** Data extracts follows **
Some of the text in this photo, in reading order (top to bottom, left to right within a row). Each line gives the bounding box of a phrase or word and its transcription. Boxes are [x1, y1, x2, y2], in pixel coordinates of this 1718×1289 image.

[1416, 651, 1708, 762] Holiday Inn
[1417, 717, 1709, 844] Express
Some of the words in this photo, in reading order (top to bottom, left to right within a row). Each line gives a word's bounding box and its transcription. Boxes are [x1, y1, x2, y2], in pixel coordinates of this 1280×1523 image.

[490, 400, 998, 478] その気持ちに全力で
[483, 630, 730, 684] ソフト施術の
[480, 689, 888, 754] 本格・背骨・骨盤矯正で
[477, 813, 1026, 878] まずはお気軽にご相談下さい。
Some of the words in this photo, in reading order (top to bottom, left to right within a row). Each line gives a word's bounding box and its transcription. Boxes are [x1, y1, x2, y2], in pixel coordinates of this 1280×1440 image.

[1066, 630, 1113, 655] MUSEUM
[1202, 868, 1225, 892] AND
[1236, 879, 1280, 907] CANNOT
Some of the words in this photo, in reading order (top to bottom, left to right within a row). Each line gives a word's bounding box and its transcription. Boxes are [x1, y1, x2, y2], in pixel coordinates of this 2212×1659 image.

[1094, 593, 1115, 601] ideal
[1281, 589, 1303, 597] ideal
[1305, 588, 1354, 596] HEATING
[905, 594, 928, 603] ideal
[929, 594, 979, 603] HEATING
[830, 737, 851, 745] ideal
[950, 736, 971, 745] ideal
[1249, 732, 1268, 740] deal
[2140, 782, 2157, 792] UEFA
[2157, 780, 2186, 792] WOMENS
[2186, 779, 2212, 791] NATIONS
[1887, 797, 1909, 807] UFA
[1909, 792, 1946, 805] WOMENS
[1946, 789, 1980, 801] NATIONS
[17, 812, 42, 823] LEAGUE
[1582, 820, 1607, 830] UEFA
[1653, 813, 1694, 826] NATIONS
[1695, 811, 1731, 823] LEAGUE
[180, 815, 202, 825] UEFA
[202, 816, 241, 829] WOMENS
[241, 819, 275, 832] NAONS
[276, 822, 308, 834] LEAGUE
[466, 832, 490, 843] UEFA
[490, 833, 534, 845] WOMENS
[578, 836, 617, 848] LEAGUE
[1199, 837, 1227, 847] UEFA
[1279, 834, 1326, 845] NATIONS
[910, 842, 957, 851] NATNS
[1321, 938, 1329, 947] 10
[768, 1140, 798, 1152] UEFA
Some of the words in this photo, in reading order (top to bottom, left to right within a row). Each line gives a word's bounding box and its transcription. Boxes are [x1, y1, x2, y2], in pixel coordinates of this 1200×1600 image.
** End of Data extracts **
* _Problem description_: Retype the material precisely, leaving out no line.

* _The answer_:
Some of the text in this photo, in reading order (top to bottom, left to right within a row). Each line gives the bounding box of a phrase or word and its transcription. Boxes are [x1, y1, x2, y2], in pixel coordinates of this 1718×1289 image.

[1416, 651, 1708, 762] Holiday Inn
[1417, 717, 1709, 844] Express
Some of the words in this photo, in reading order (top to bottom, left to right within a row). Each line gives a word's bounding box and its transcription. Boxes are [x1, y1, x2, y2], in pixel coordinates of this 1280×1523 image.

[490, 400, 998, 478] その気持ちに全力で
[483, 630, 730, 684] ソフト施術の
[480, 689, 888, 754] 本格・背骨・骨盤矯正で
[477, 813, 1026, 878] まずはお気軽にご相談下さい。
Some of the words in this photo, in reading order (top to bottom, left to right within a row). Each line gives a word's bounding box and its transcription. Boxes are [x1, y1, x2, y2], in pixel coordinates of this 1280×1440 image.

[1066, 630, 1113, 655] MUSEUM
[1202, 868, 1225, 892] AND
[1236, 879, 1280, 907] CANNOT
Some of the words in this photo, in reading order (top to bottom, left to right within a row). Each line gives a word's bounding box and its transcription. Boxes are [x1, y1, x2, y2], in pixel coordinates of this 2212×1659 image.

[1094, 593, 1115, 601] ideal
[1281, 589, 1303, 597] ideal
[1305, 588, 1354, 596] HEATING
[905, 594, 928, 603] ideal
[929, 594, 979, 603] HEATING
[830, 737, 851, 745] ideal
[950, 736, 971, 745] ideal
[1249, 732, 1268, 740] deal
[2140, 782, 2157, 792] UEFA
[2157, 780, 2186, 792] WOMENS
[2186, 779, 2212, 791] NATIONS
[1887, 797, 1909, 807] UFA
[1909, 792, 1946, 805] WOMENS
[1946, 789, 1980, 801] NATIONS
[17, 812, 42, 823] LEAGUE
[1582, 820, 1607, 830] UEFA
[1653, 813, 1694, 826] NATIONS
[1695, 811, 1731, 823] LEAGUE
[180, 815, 202, 825] UEFA
[202, 816, 241, 829] WOMENS
[241, 819, 275, 832] NAONS
[276, 822, 308, 834] LEAGUE
[466, 832, 490, 843] UEFA
[490, 833, 534, 845] WOMENS
[578, 836, 617, 848] LEAGUE
[1199, 837, 1227, 847] UEFA
[1279, 834, 1326, 845] NATIONS
[910, 842, 957, 851] NATNS
[1321, 938, 1329, 947] 10
[768, 1140, 798, 1152] UEFA
Some of the words in this photo, in reading order (top to bottom, left to right within a row). Each line gives a word's bounding box and its transcription. Boxes are [x1, y1, x2, y2], in pixel coordinates of this 1200×1600 image.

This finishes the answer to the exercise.